Blake set his lips. “That’s a long time. I hope we’re still alive.”

“I’d advise against exercising too much,” Eller said. “We’ll take it easy the rest of the way and hope that whatever has been done to us can be undone back on Terra.”

“I guess we actually got off fairly easy.” Silvia said. She yawned. “Lord, I’m sleepy.” She got slowly to her feet, pushing her chair back. “I think I’ll turn in. Anyone object?”

“Go ahead,” Eller said. “Blake, how about some cards? I want to relax. Blackjack?”

“Sure,” Blake said. “Why not?” He slid a deck from his jacket pocket. “It’ll make the time pass. Cut for deal.”

“Fine.” Eller took the deck. He cut, showing a seven of clubs. Blake won the deck with a jack of hearts.

They played listlessly, neither of them much interested. Blake was sullen and uncommunicative, still angry because Eller had been proved so right. Eller himself was tired and uncomfortable. His head throbbed dully in spite of the opiates he had taken.
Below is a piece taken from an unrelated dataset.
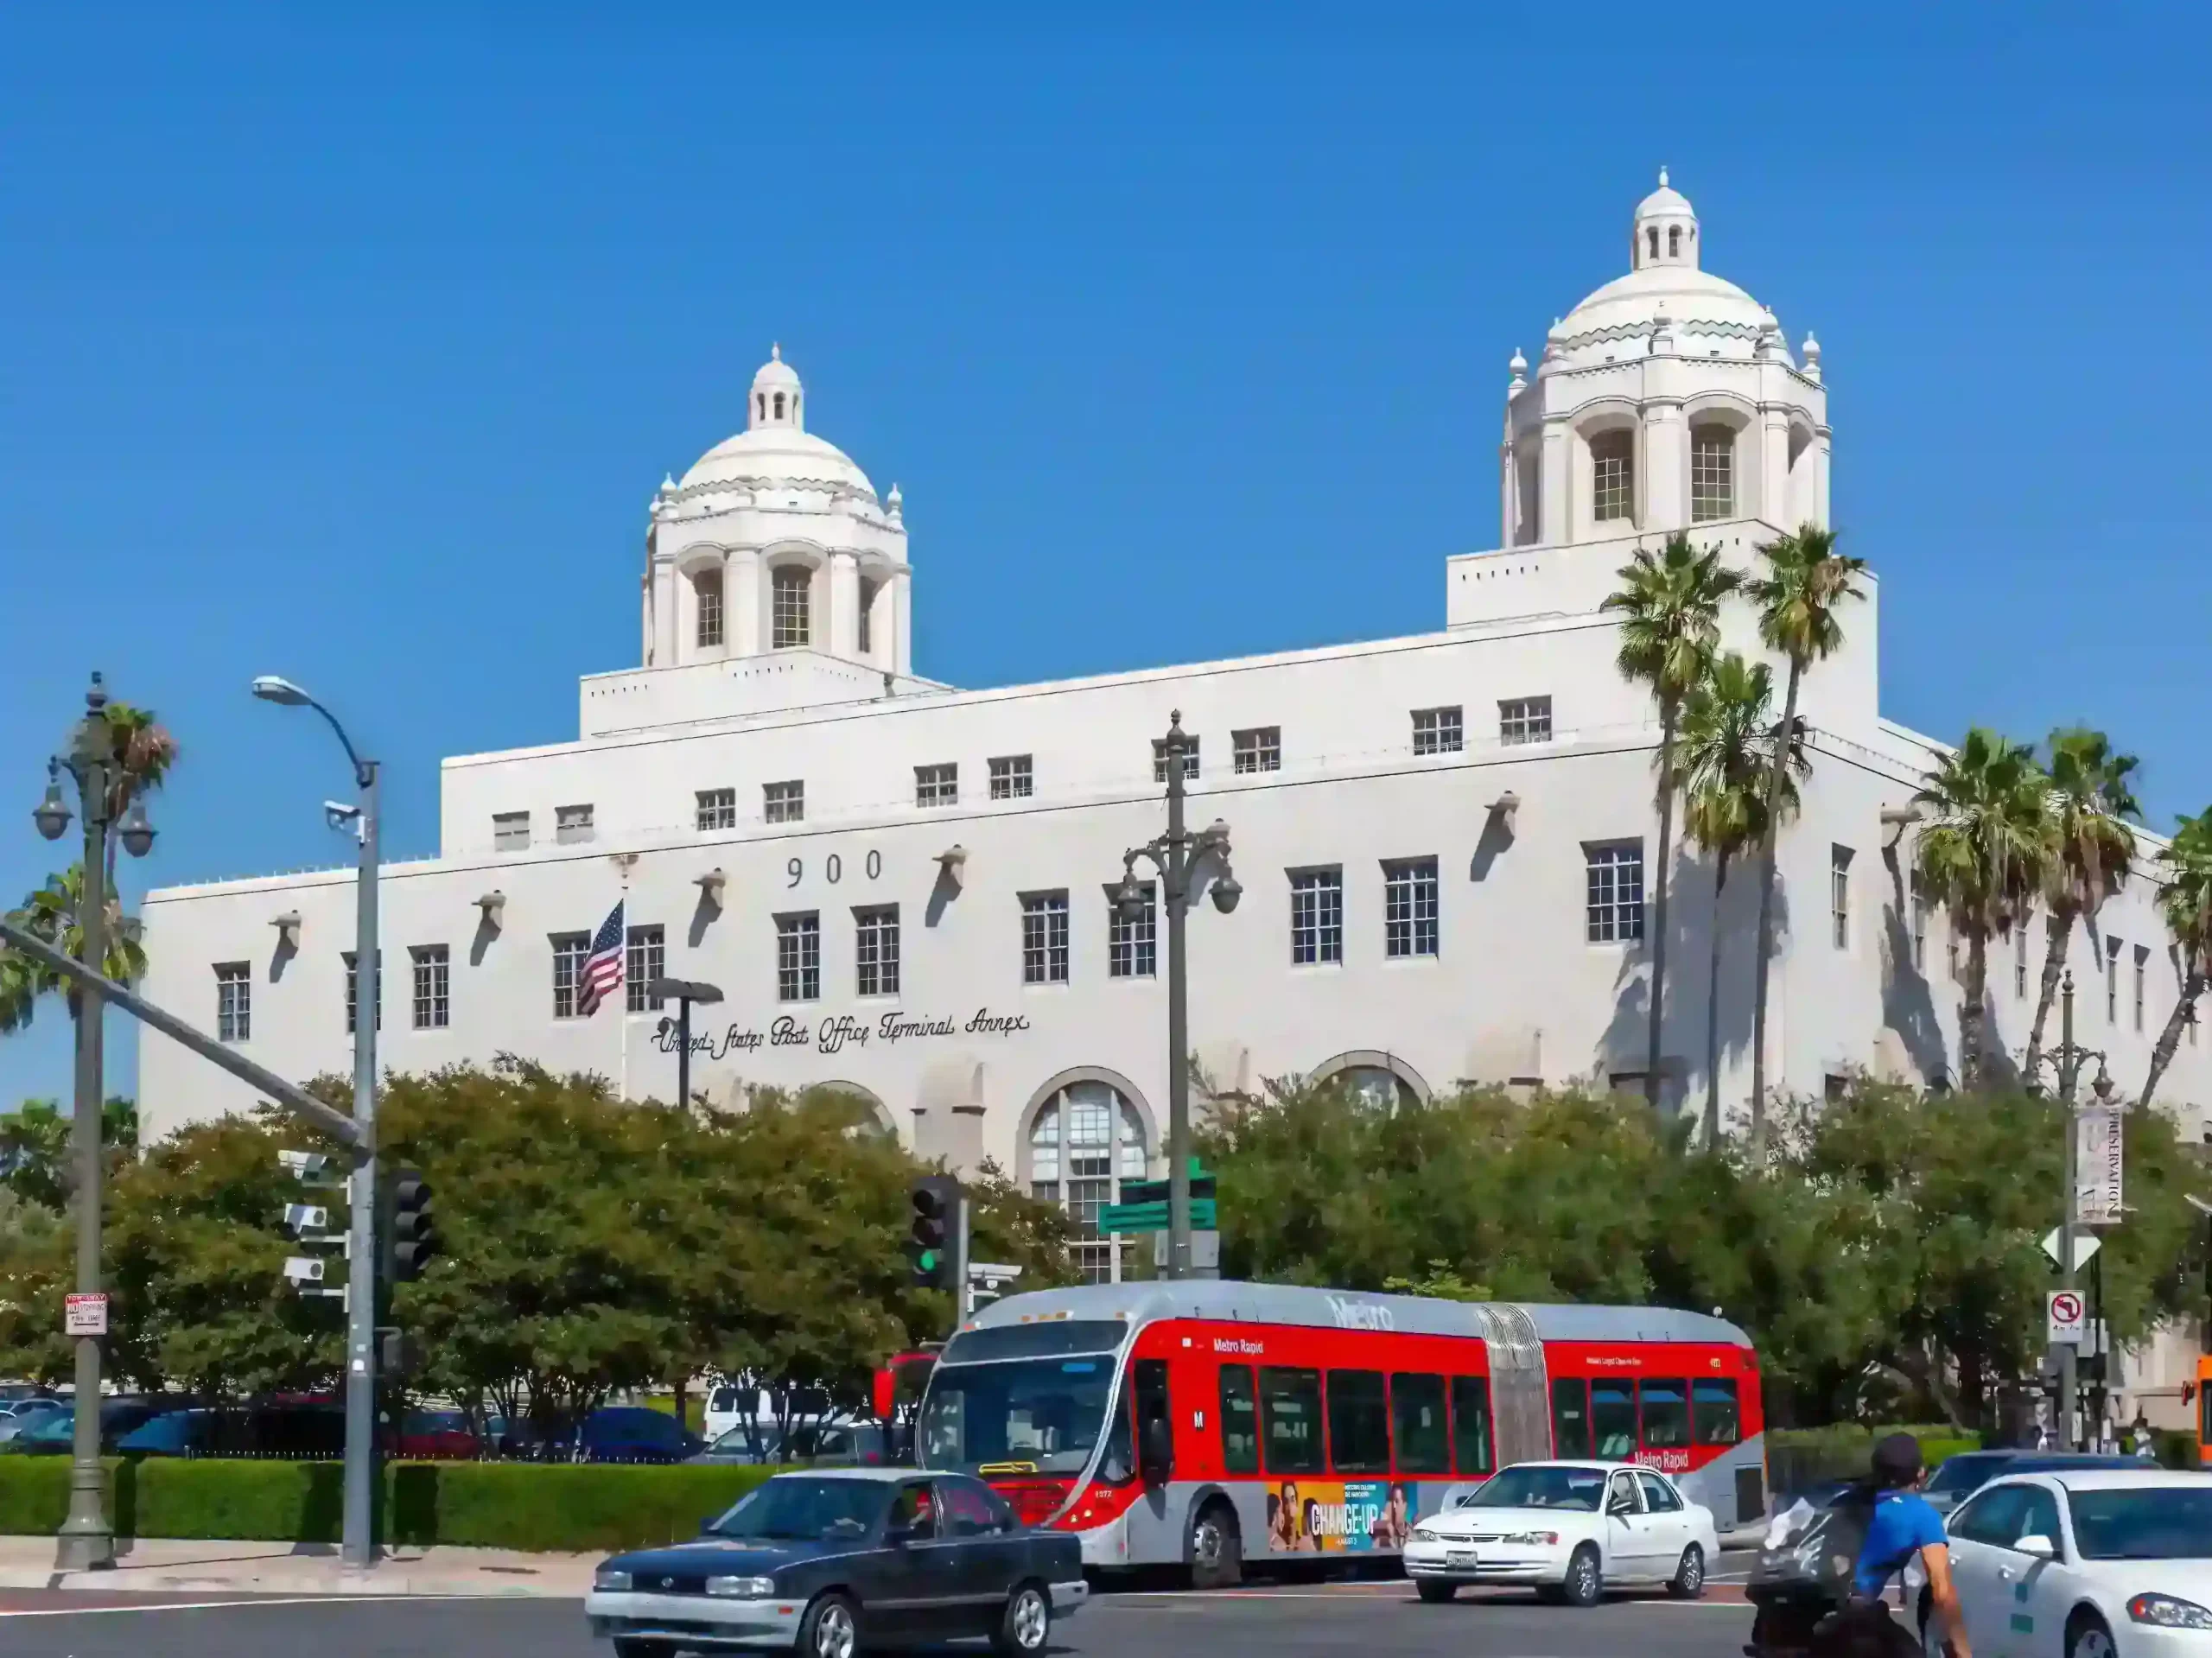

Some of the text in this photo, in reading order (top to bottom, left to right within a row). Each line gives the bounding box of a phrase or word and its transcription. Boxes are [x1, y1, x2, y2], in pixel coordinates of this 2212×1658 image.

He removed his helmet and rubbed his forehead.

“Play,” Blake murmured. Under them the jets rumbled, carrying them nearer and nearer Terra. In a week they would enter the system. They had not seen Terra in over a year. How would it look? Would it still be the same? The great green globe, with its vast oceans, all the tiny islands. Then down at New York Spaceport. San Francisco, for him. It would be nice, all right. The crowds of people, Terrans, good old frivolous, senseless Terrans, without a care in the world. Eller grinned up at Blake. His grin turned to a frown.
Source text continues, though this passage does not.